FERC's order authorizes the development of up to four modular LNG trains at Cheniere Partners' 100-percent owned Sabine Pass LNG terminal, which is located on the Sabine Pass Channel in the southwestern corner of Louisiana. Each train would possess a nominal capacity of 4.5 million tons per annum (mtpa). Currently, the Sabine Pass boasts regasification and send-out capacity of 4.0 billion cubic feet per day (Bcf/d) and storage capacity of 16.9 billion cubic feet equivalent (Bcfe).

Cheniere Partners anticipates building each liquefaction train 6 to 9 months after the previous train. Construction could begin as soon as the second quarter of this year, with operations commencing in 2015/2016. Last November, Cheniere Partners' Sabine Liquefaction subsidiary awarded Bechtel Oil, Gas and Chemicals, Inc. a lump sum turnkey contract for the engineering, procurement and construction (EPC) of the first two trains.
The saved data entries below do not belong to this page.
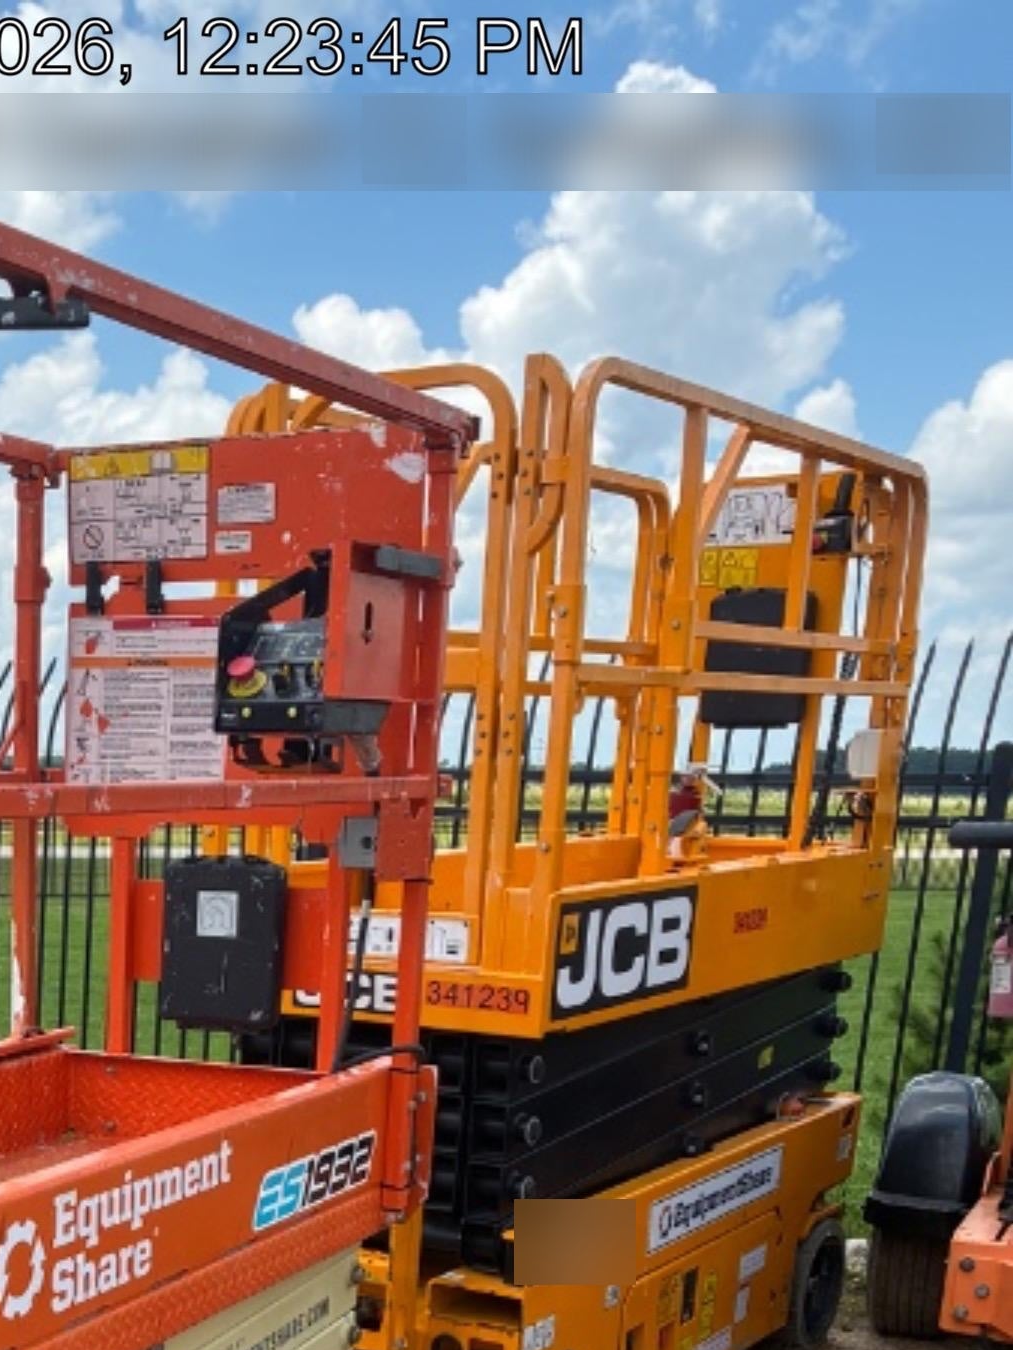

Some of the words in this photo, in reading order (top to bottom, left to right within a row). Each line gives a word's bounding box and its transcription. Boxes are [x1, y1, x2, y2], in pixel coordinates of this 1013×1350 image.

[556, 896, 692, 1008] JCB
[426, 980, 530, 1015] 341239
[53, 1140, 233, 1248] Equipment
[253, 1130, 376, 1230] ES1932
[674, 1166, 773, 1229] EquipmentShare
[52, 1238, 153, 1313] Share
Sabine Liquefaction has also entered into four long-term customer sale and purchase agreements (SPA) for 16.0 mtpa of LNG volumes -- equating to approximately 89 percent of the nominal LNG volumes. The customers include BG Gulf Coast LNG, LLC (5.5 mtpa); Gas Natural Fenosa (3.5 mtpa); KOGAS (3.5 mtpa) and GAIL (India) Ltd. (3.5 mtpa). The BG and Gas Natural Fenosa SPAs commence with the start of operations for trains 1 and 2, respectively. Cheniere Partners said that construction of the first two trains hinges on, among other things, obtaining financing and making a final investment decision.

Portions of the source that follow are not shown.